Bab Tiga Puluh Tiga: Sepatu Besi Telah Rusak, Namun Tempat yang Dicari Tak Ditemukan
Zhuo Yixuan menyadari kecanggungan Xu Weiwei. Ia tersenyum samar tanpa terlihat oleh orang lain, lalu dengan lembut mencubit tangan Xu Weiwei. Xu Weiwei sedikit terkejut, menyadari bahwa Zhuo Yixuan sedang berbuat nakal. Ia pun langsung menggenggam tangan Zhuo Yixuan, lalu menaruh tangannya di pinggang sendiri, mengajak Zhuo Yixuan berputar masuk ke lantai dansa.
“Siapa sangka kamu bisa berdansa?” Zhuo Yixuan mengangkat alis menatap perempuan di depannya. Ia bertanya-tanya, masih berapa banyak hal lain tentang perempuan ini yang belum ia ketahui.
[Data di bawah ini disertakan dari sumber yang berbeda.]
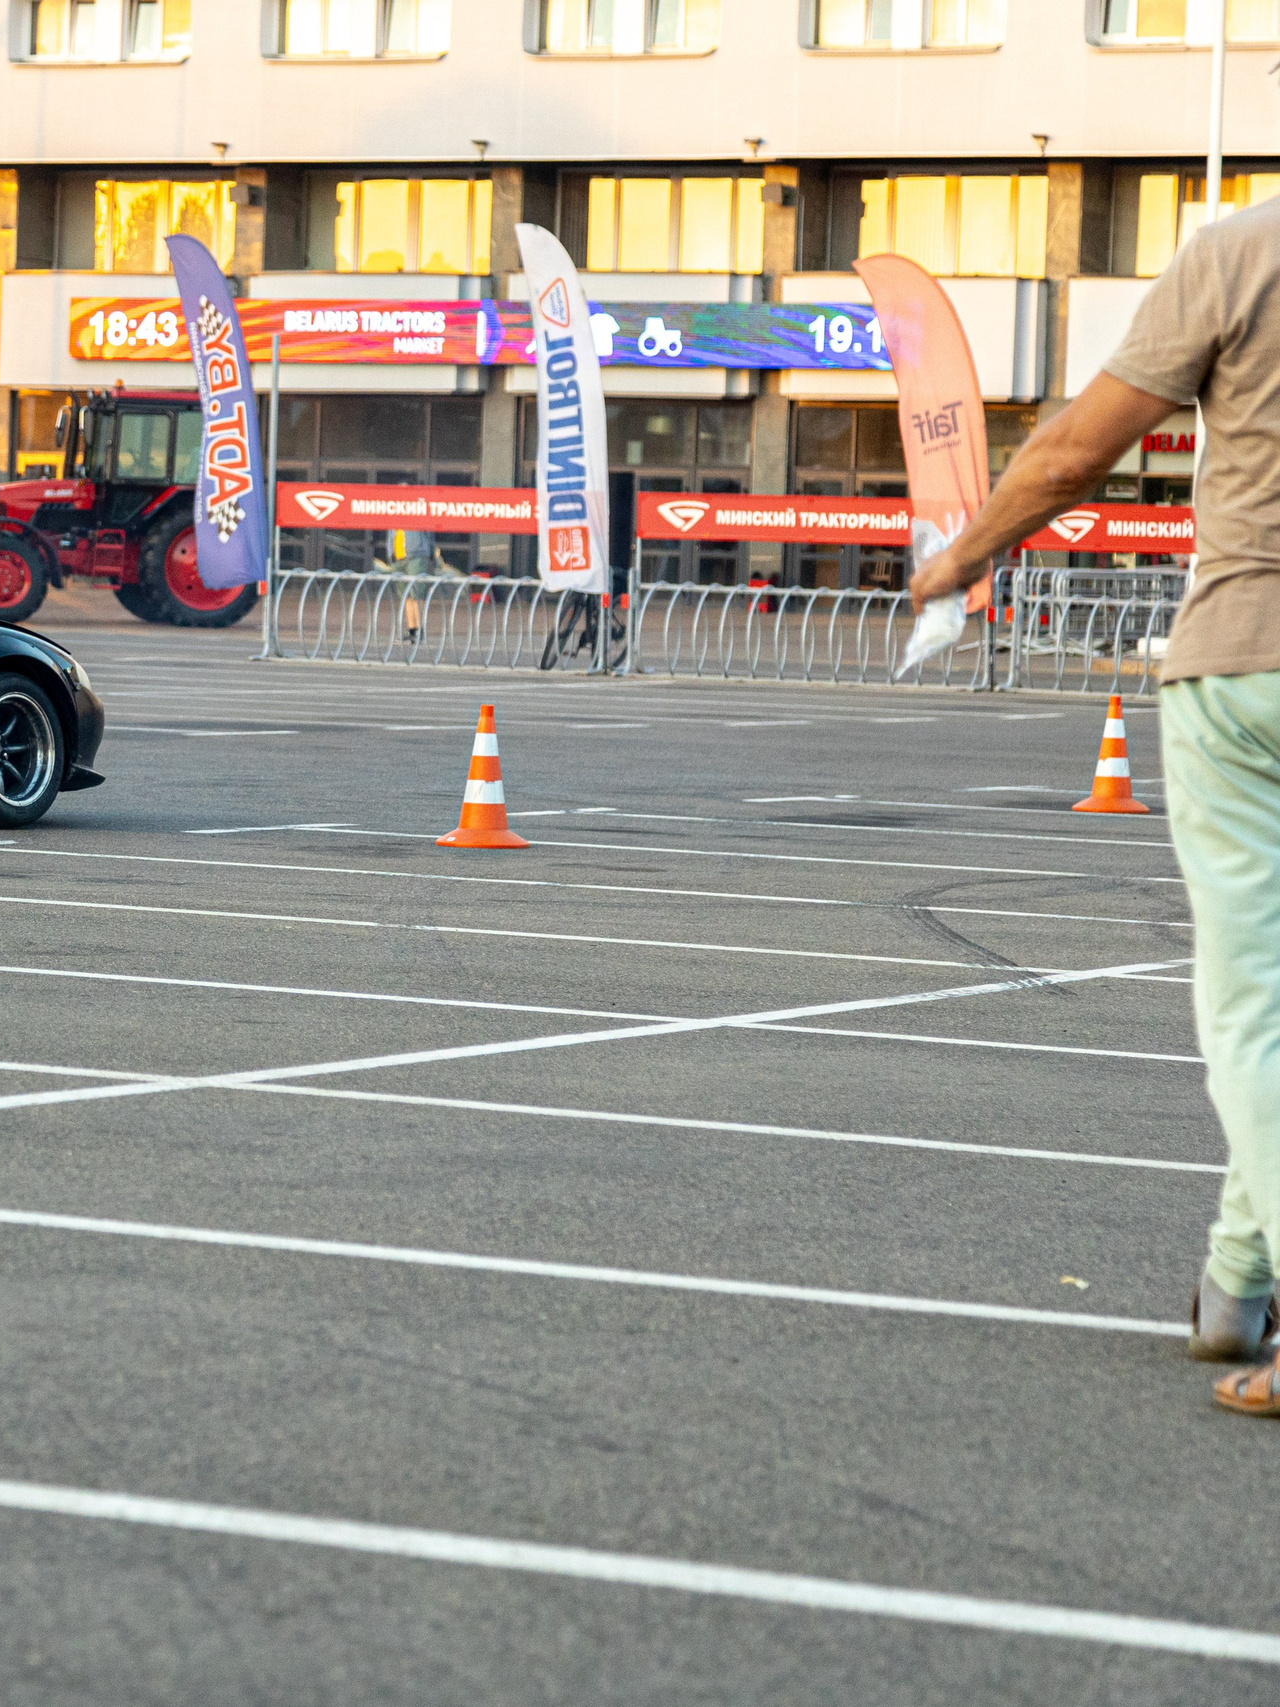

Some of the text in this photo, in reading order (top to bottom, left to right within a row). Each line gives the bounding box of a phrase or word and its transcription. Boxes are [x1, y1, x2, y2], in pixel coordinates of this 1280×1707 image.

[89, 311, 178, 347] 18:43
[284, 311, 445, 333] BELARUS TRACTORS
[393, 337, 445, 354] MARKET
[351, 497, 429, 516] МИНСКИЙ
[429, 501, 531, 519] ТРАКТОРНЫЙ
[716, 508, 908, 530] МИНСКИЙ ТРАКТОРНЫЙ
[1107, 519, 1194, 538] МИНСКИЙ
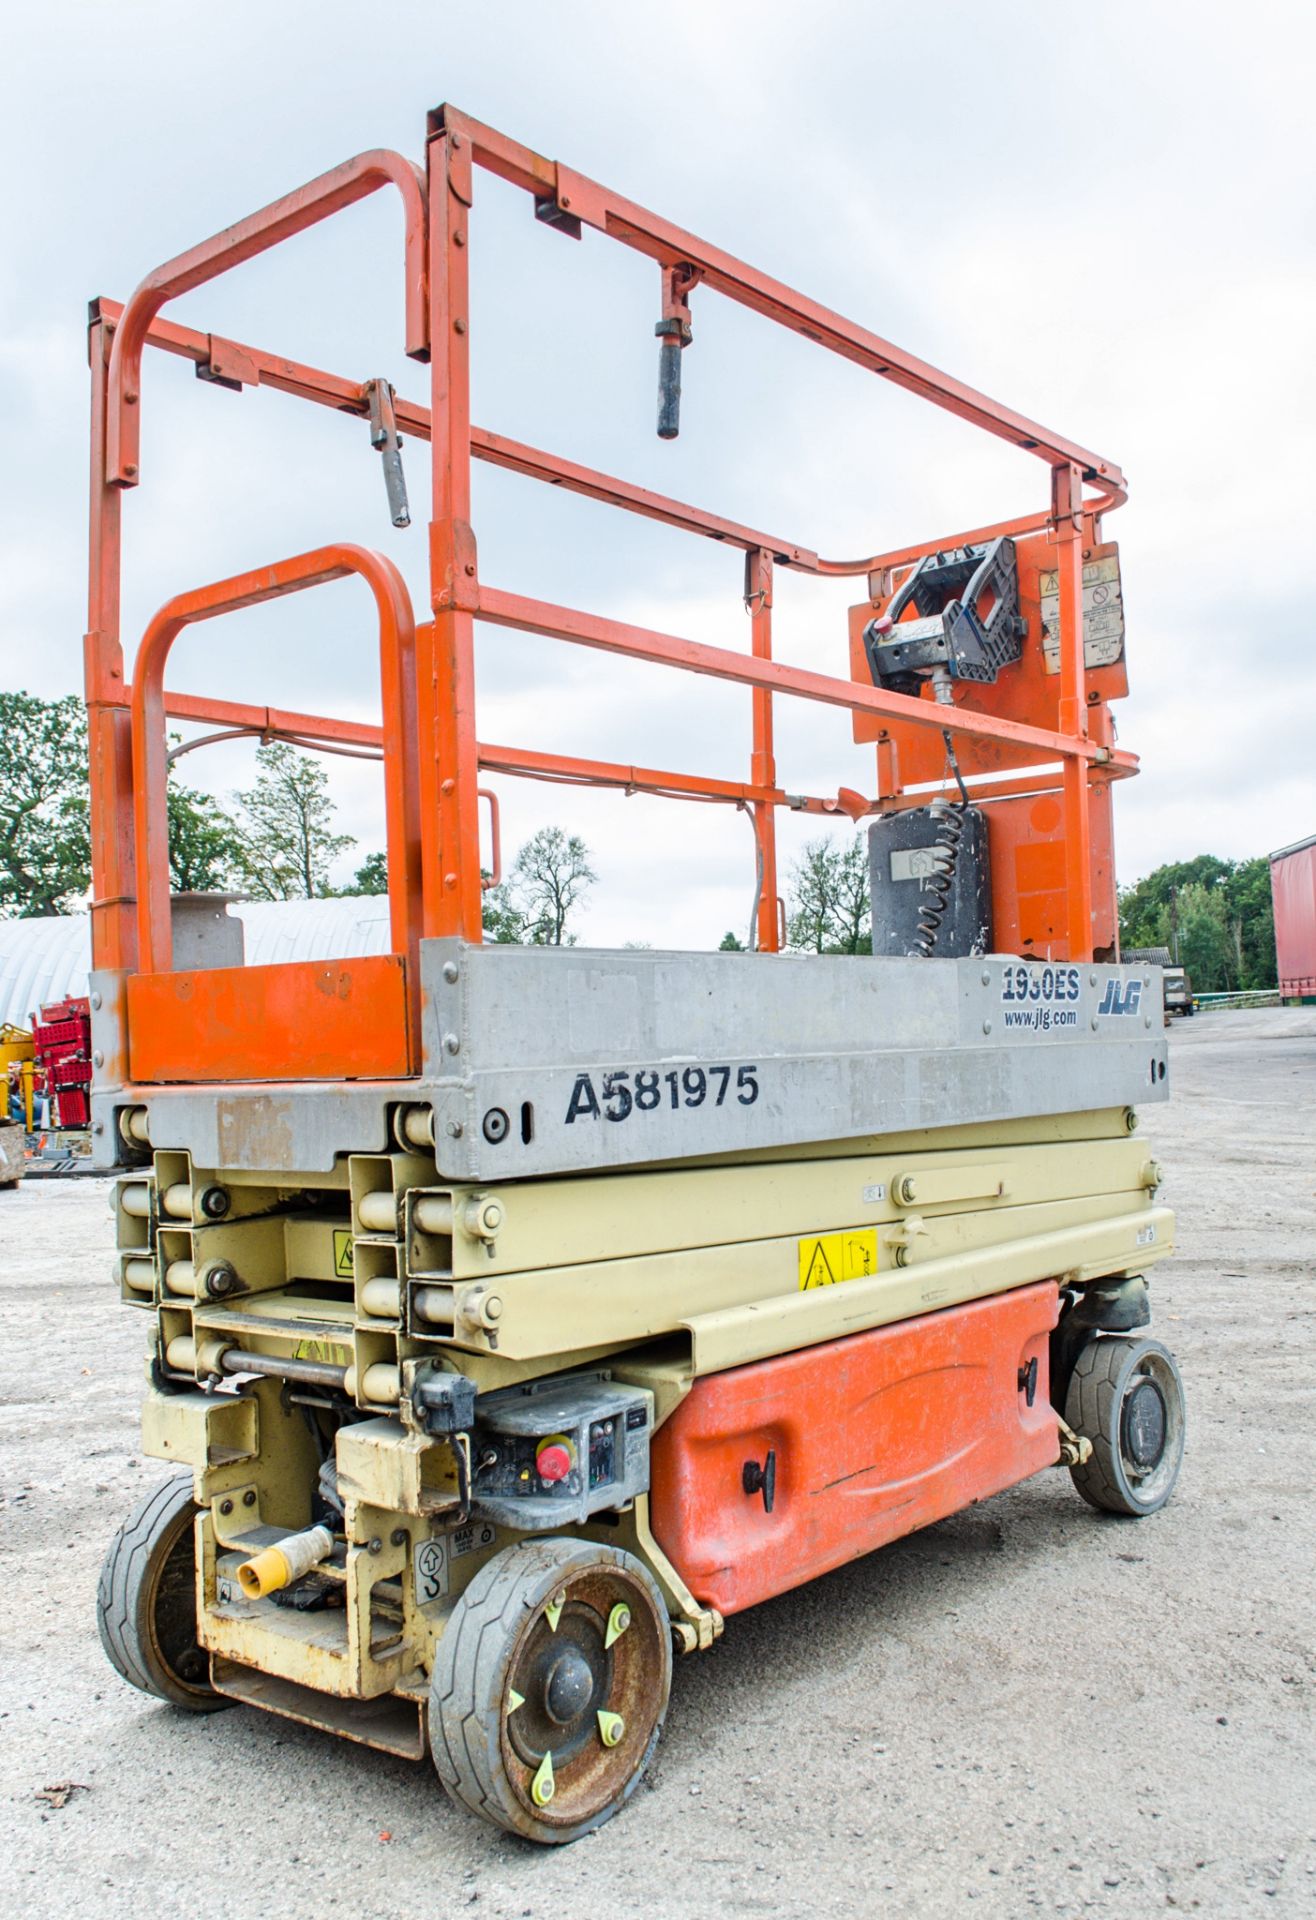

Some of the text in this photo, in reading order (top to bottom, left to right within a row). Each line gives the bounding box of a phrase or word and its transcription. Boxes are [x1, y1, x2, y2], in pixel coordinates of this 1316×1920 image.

[1098, 979, 1142, 1016] JLG
[1004, 1008, 1077, 1031] www.jlg.com
[564, 1065, 759, 1124] A581975
Pasangan pria dan wanita itu menari berputar di lantai dansa bak sepasang kekasih sempurna, seketika menarik perhatian seluruh tamu.
“Ternyata Direktur Xu ada di sini!” Tiba-tiba terdengar suara seorang pria dari arah meja makan.
“Senang bertemu, silakan duduk.” Xu Borong melirik ke sumber suara. Rupanya, klien yang ia tunggu malam itu telah tiba.
Xu Weiwei yang masih menari di lantai dansa melihat keadaan di meja makan. Ia mulai mengarahkan langkah ke tepi lantai dansa.
“Sudah mau berhenti menari?” Zhuo Yixuan menyadari keinginan Xu Weiwei untuk pergi.
“Klien kakakku sudah datang, aku harus ke sana membantu.” Xu Weiwei buru-buru ingin pergi, namun Zhuo Yixuan malah memeluknya erat.
“Sekarang, bosmu saja belum pergi, apa pantas kamu sebagai pegawai mendahuluinya?” bisik Zhuo Yixuan pelan di telinga Xu Weiwei.
“Maaf, bos, sekarang sudah di luar jam kerja. Aku berhak menolak perintahmu,” Xu Weiwei juga membisik di telinga Zhuo Yixuan, tersenyum seolah-olah mereka sedang berbisik mesra.
Setelah berhasil melepaskan diri dari pelukan Zhuo Yixuan, Xu Weiwei bergegas menghampiri Xu Borong.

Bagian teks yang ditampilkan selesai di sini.